What is needed
Send back the data below exactly. Drop every picture.
──────── Data for this task
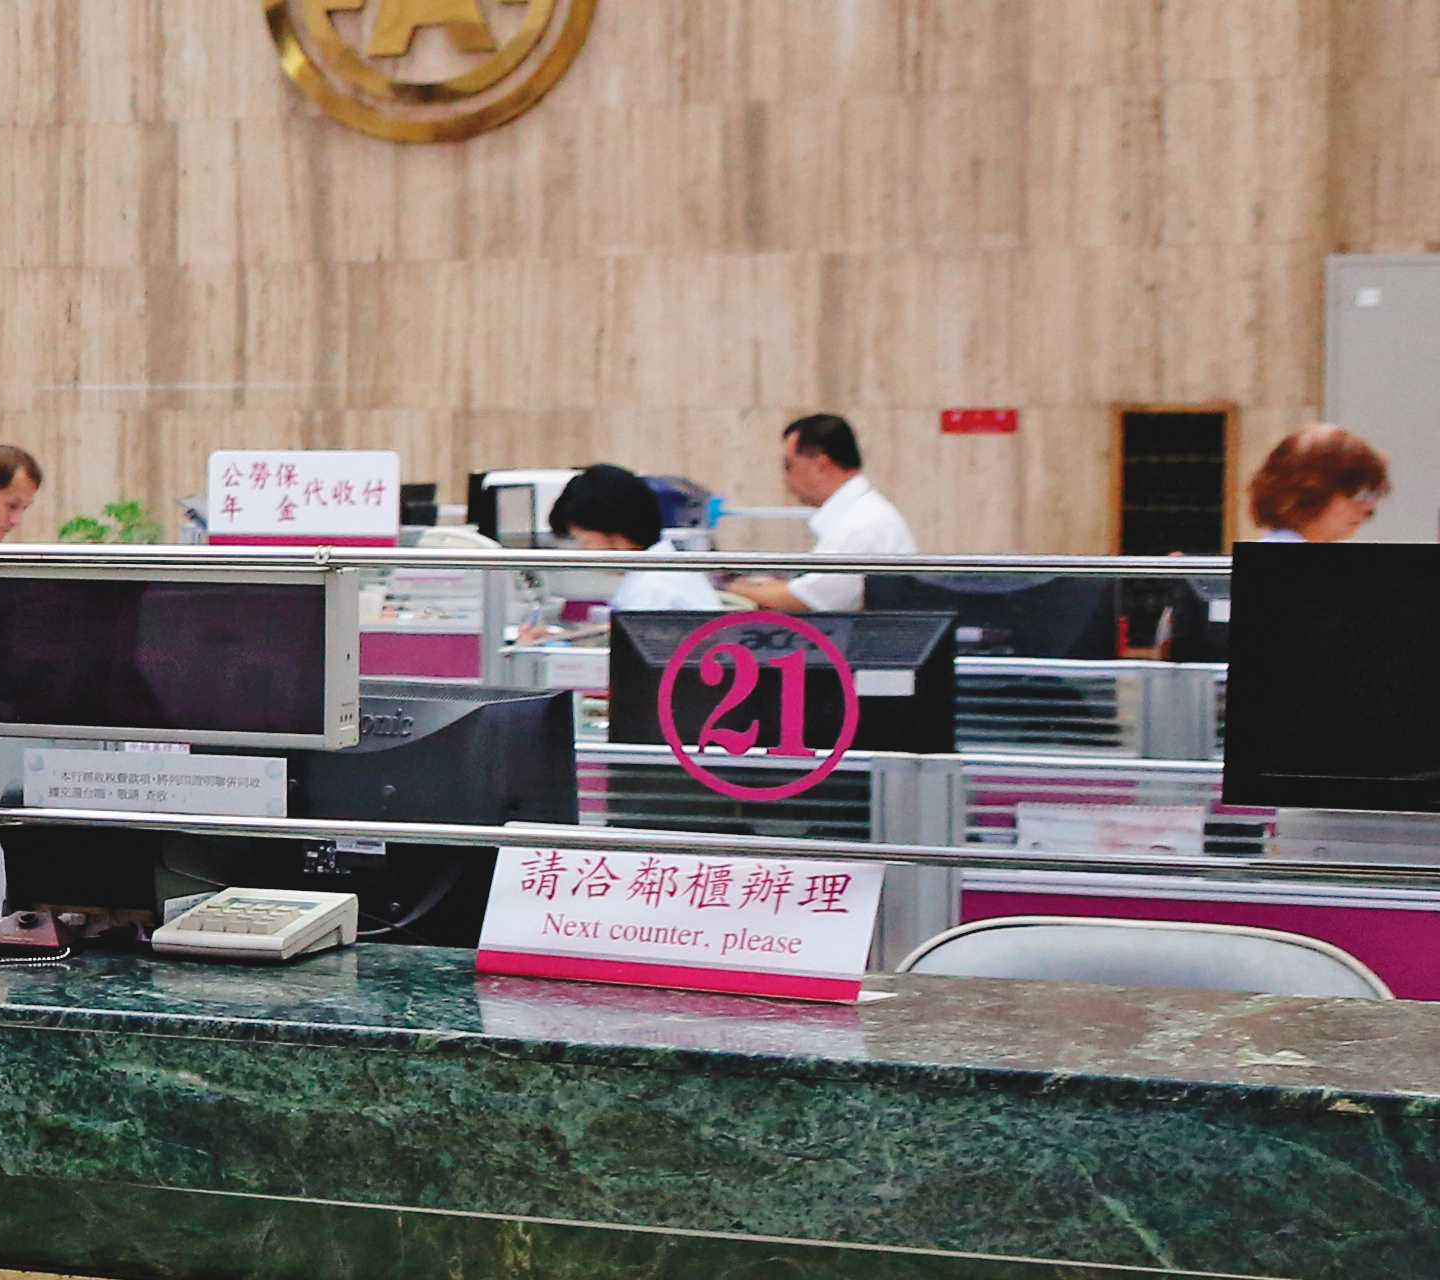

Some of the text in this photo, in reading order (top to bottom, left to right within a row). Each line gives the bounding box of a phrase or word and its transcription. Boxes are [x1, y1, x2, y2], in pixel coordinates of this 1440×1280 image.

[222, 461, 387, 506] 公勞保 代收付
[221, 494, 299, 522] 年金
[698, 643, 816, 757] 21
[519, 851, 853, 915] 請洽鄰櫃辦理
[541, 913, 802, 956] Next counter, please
────────────────
Exercise response
Some of the text in this photo, in reading order (top to bottom, left to right within a row). Each line gives the bounding box of a phrase or word and its transcription. Boxes are [x1, y1, x2, y2], in pixel coordinates of this 1440×1280 image.

[222, 461, 387, 506] 公勞保 代收付
[221, 494, 299, 522] 年金
[698, 643, 816, 757] 21
[519, 851, 853, 915] 請洽鄰櫃辦理
[541, 913, 802, 956] Next counter, please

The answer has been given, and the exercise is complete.